However, the stock market’s short-term performance is highly unpredictable. Just as it fell heavily in the first half of the year, it could easily move below its mid-June level over the coming weeks. Indeed, the current bear market is only around two months old. This is around a fifth of the average length of historical bear markets. Investors' excitement about the short-term could therefore prove to be extremely premature.

A long-term horizon

In my opinion, short-termism is inadvisable when investing. Unexpected events can easily impact the stock market’s performance in either a positive or negative way. Therefore, investors should adopt a long-term view when determining whether their portfolio’s performance has been a success. Otherwise, they may jump the gun in terms of declaring their exceptional ability in market timing before they have experienced a range of market conditions.

Similarly, investors who purchase shares now in the expectation of a recovery should not become disillusioned if they experience paper losses. It is impossible to find the true "bottom" of the market when it is in decline. Investors should instead focus on finding high-quality companies at attractive prices and not judge their returns based on a very limited time period. In fact, it is often better to wait at least five or 10 years before judging whether a long-term investment has been successful.

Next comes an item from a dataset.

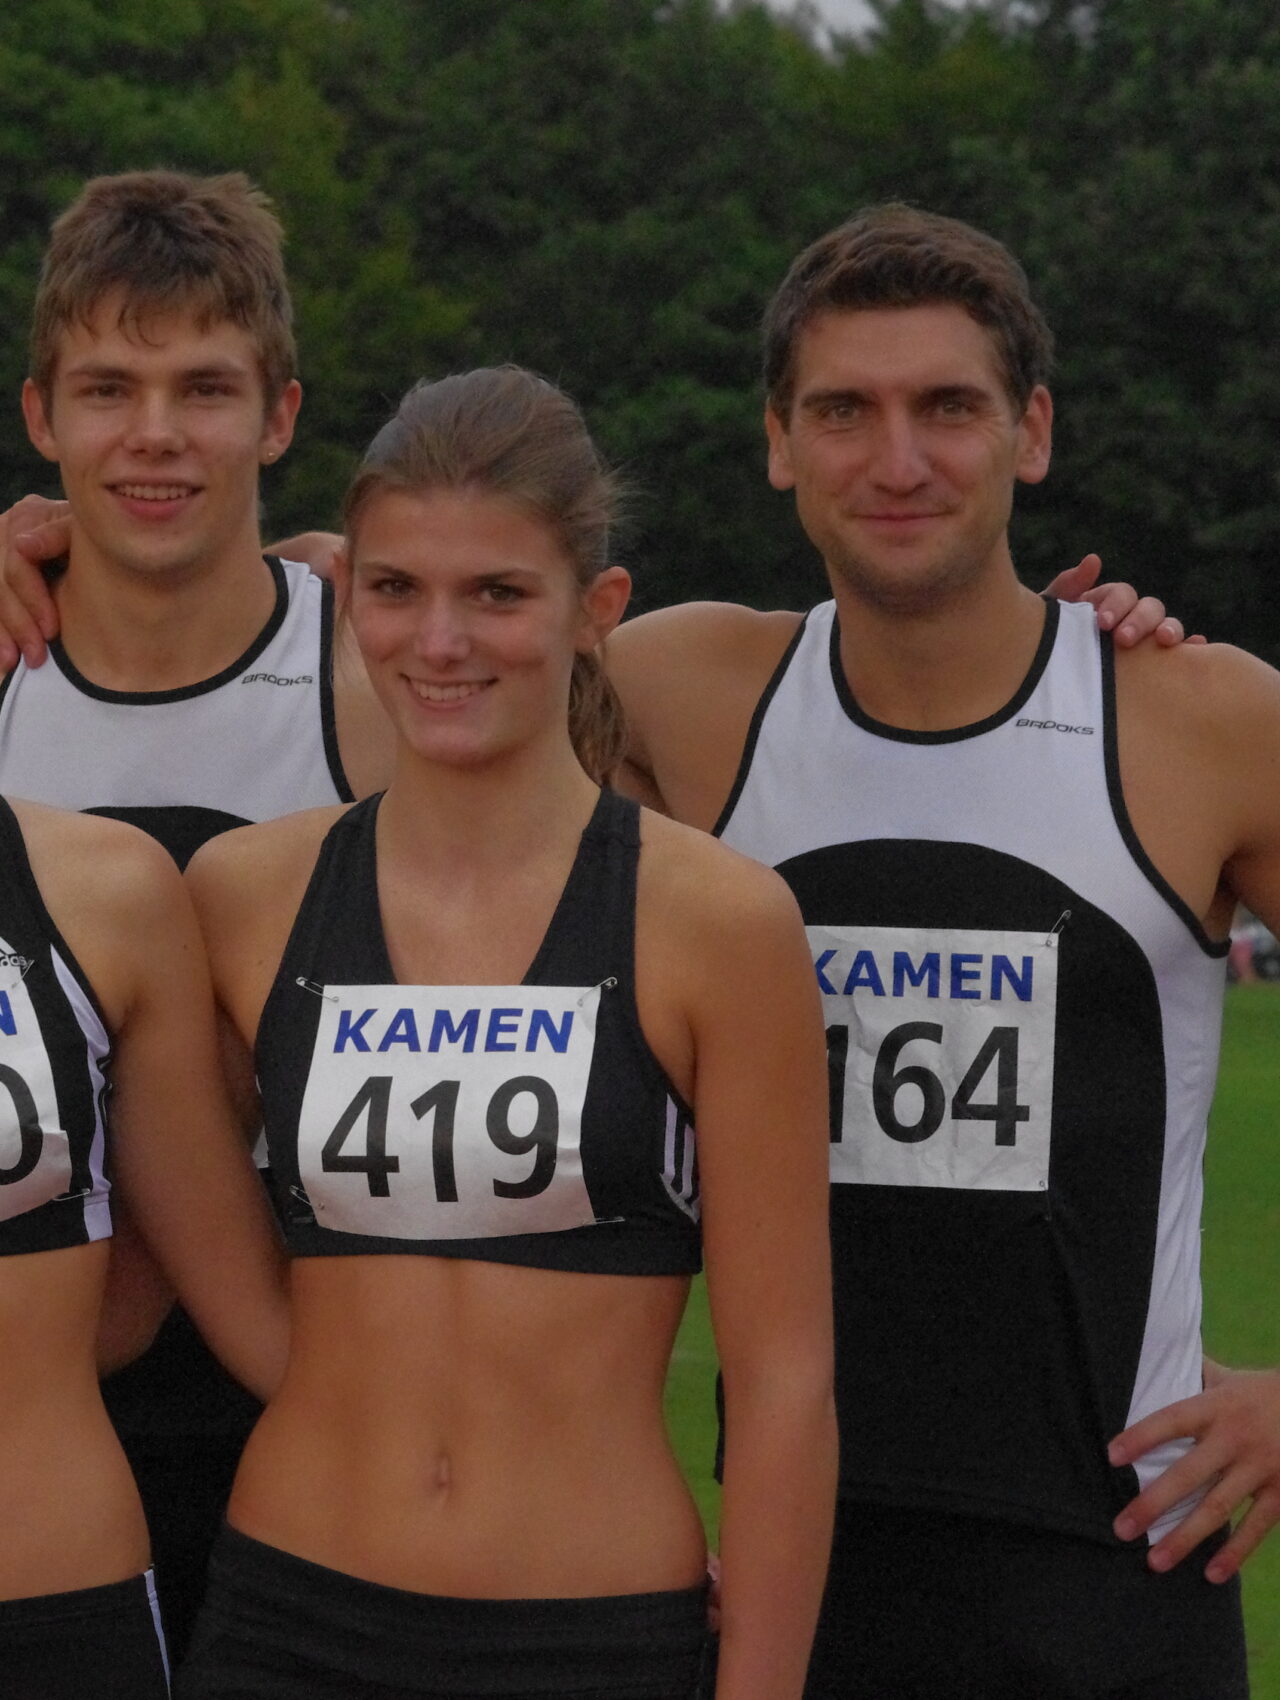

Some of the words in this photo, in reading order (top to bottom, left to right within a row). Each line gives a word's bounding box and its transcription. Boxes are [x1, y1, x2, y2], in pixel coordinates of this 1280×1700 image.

This view has previously been highlighted by Oaktree Capital founder Howard Marks (Trades, Portfolio). As he once said, “Returns over short periods of time says very little about the quality of investment decisions.”

Controlling emotions

Clearly, it is difficult to keep emotions in check following a period of strong, or weak, performance. Investors naturally feel happiness or sadness when their portfolio makes or loses sums of money that they have worked hard to accumulate in the first place.

In my opinion, focusing on the past performance of the stock market can help investors to put their short-term returns into perspective. The stock market has experienced 27 bear markets since 1929 that have occurred approximately every three years on average. Therefore, investors should think twice before becoming overly confident about the short-term performance of their portfolios. Short-term changes have quickly and frequently dissipated in a short space of time in the past.

Historically, bear markets have lasted for just 10 months on average, and the overall U.S. stock market has produced a double-digit annualized total return over the past 30 years. Therefore, investors should take comfort in knowing that any portfolio declines are likely to be temporary as long as they hold high-quality companies that have the capacity to fully recover over the long run.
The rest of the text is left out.